A situação internacional é marcada, em terceiro lugar, pela intensificação dos conflitos


intercapitalistas. No plano interno aos países ou no plano internacional, isto pode implicar
em redistribuição do poder entre os diferentes Estados e setores sociais (GUIMARÃES,
2013).

A situação internacional é marcada, em quarto lugar, pelo declínio da hegemonia dos


Estados Unidos (e, de maneira geral, pelo esgotamento da “capacidade de governança” das
chamadas instituições de Bretton Woods), bem como pelas tentativas que os EUA fazem
para tentar reverter este declínio (SMITH, 2008).
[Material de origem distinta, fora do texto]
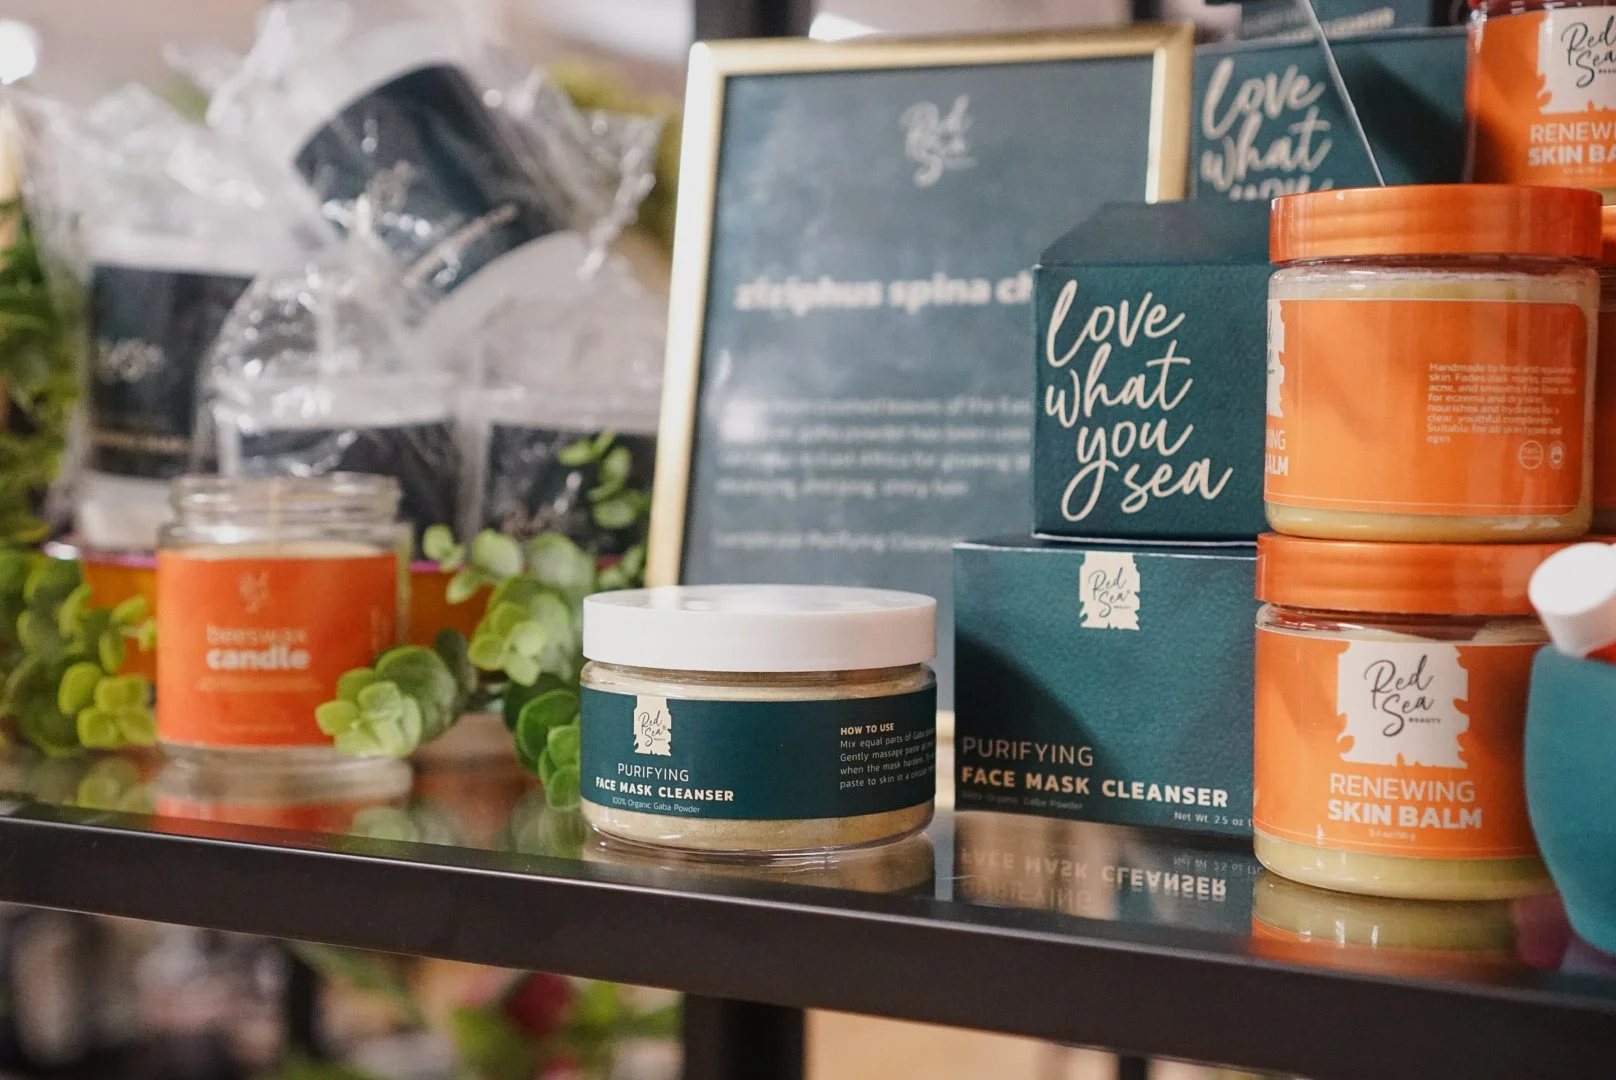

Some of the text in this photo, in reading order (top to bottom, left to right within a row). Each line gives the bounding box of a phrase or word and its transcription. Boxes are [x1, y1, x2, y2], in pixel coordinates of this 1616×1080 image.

Uma quinta característica da situação internacional é a busca que outros Estados fazem
para estabelecer uma nova hegemonia, de tipo análogo ou diverso. Uma sexta
característica, resultante das anteriores, é a formação de blocos e instituições com
finalidades essencialmente defensivas (VISENTINI, 2013).

Este conjunto de características (ou variáveis) aponta para um período mais ou menos
prolongado de instabilidade internacional, bem como para o surgimento de “soluções”
intermediárias, temporárias e ineficazes.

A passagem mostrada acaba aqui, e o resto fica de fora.